Return the listing below unchanged, except that the pictures are dropped.

□ □ □

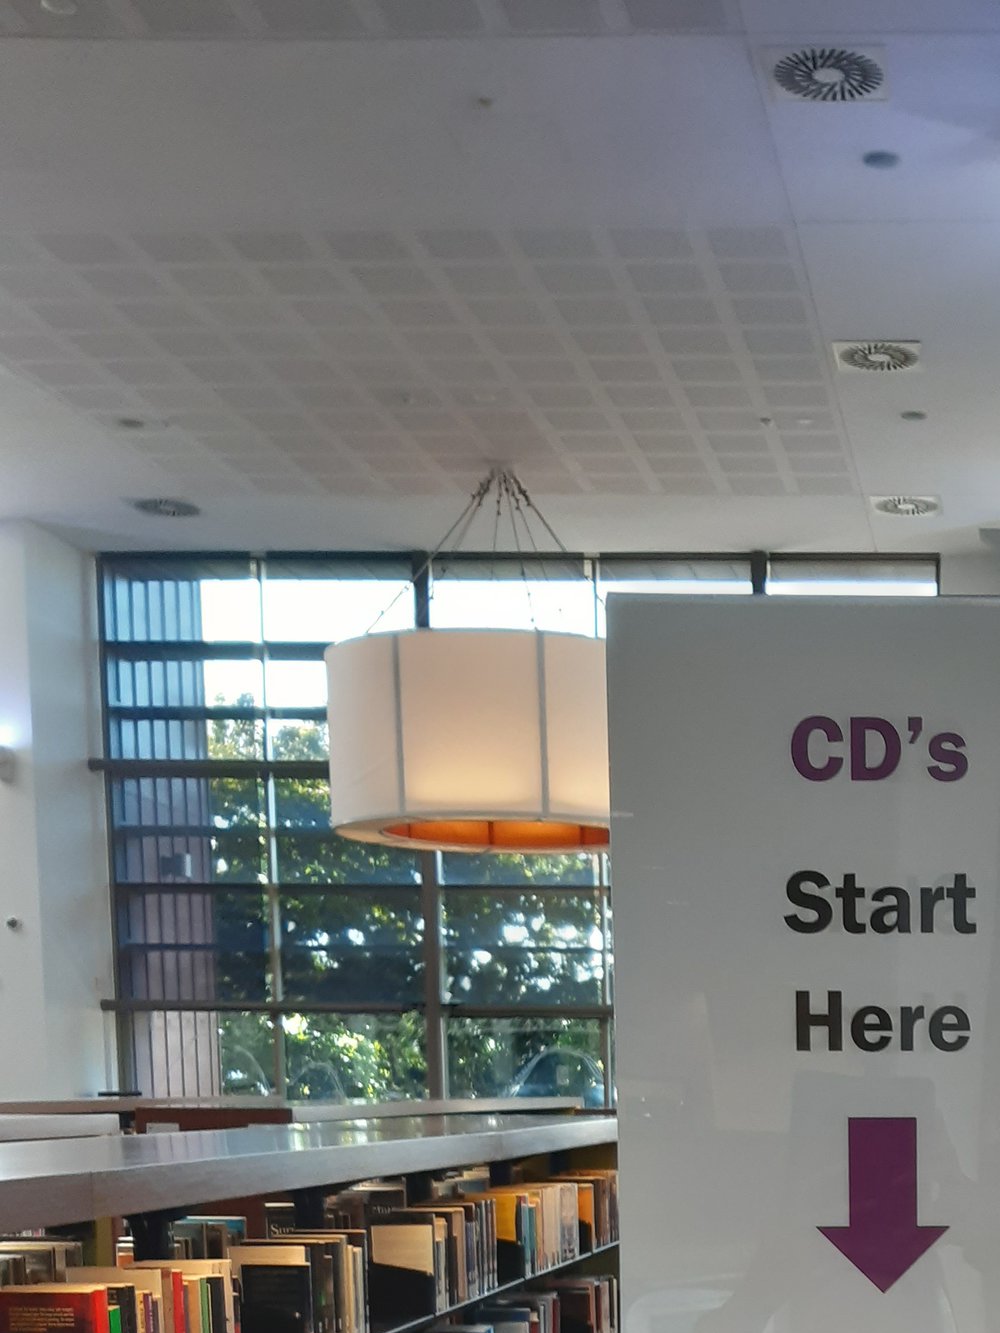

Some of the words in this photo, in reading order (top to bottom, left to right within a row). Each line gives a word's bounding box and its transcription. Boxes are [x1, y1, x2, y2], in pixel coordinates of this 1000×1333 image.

[790, 715, 969, 782] CD's
[783, 870, 977, 935] Start
[794, 990, 971, 1053] Here
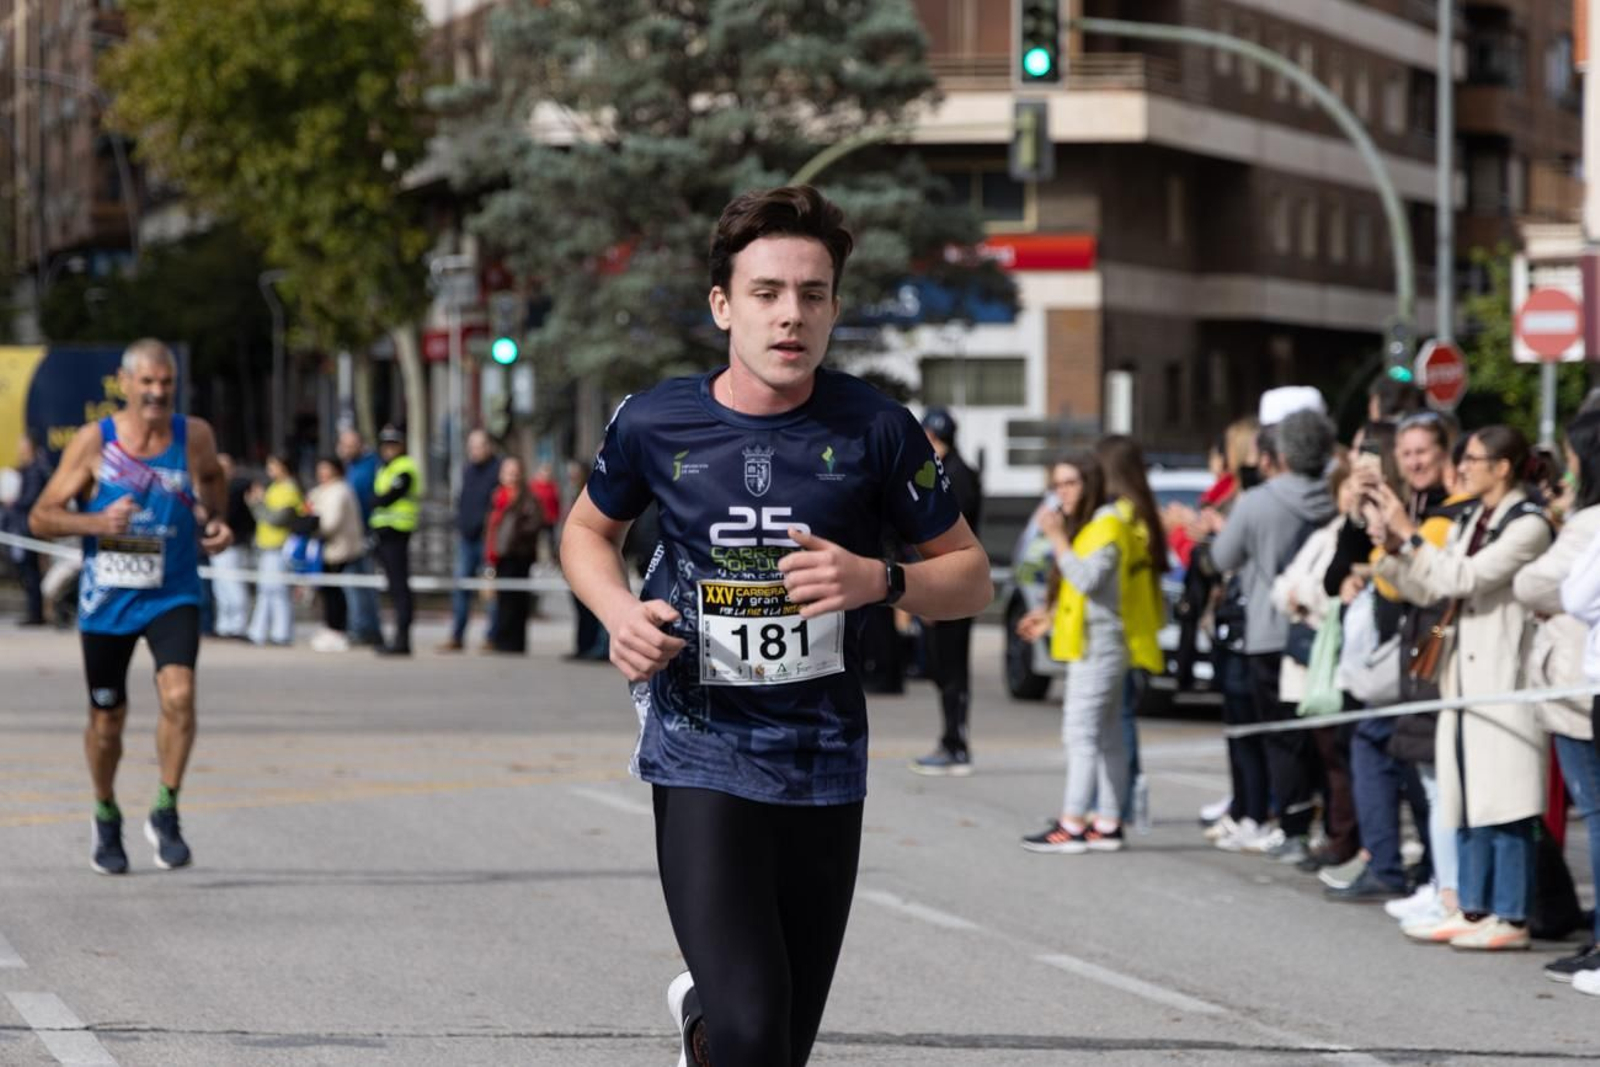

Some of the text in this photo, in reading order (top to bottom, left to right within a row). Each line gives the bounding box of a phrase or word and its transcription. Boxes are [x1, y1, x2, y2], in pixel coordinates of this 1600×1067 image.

[709, 506, 811, 547] 25
[705, 586, 785, 605] XXV CARRERA
[735, 597, 743, 606] y
[749, 597, 779, 605] gran
[731, 619, 809, 661] 181

□ □ □

**Result of the exercise:**
Some of the words in this photo, in reading order (top to bottom, left to right within a row). Each line gives a word's bounding box and its transcription. Boxes are [x1, y1, x2, y2], in pixel coordinates of this 1000×1333 image.

[790, 715, 969, 782] CD's
[783, 870, 977, 935] Start
[794, 990, 971, 1053] Here

Some of the text in this photo, in reading order (top to bottom, left to right within a row). Each line gives the bounding box of a phrase or word and its transcription. Boxes are [x1, y1, x2, y2], in pixel coordinates of this 1600×1067 image.

[709, 506, 811, 547] 25
[705, 586, 785, 605] XXV CARRERA
[735, 597, 743, 606] y
[749, 597, 779, 605] gran
[731, 619, 809, 661] 181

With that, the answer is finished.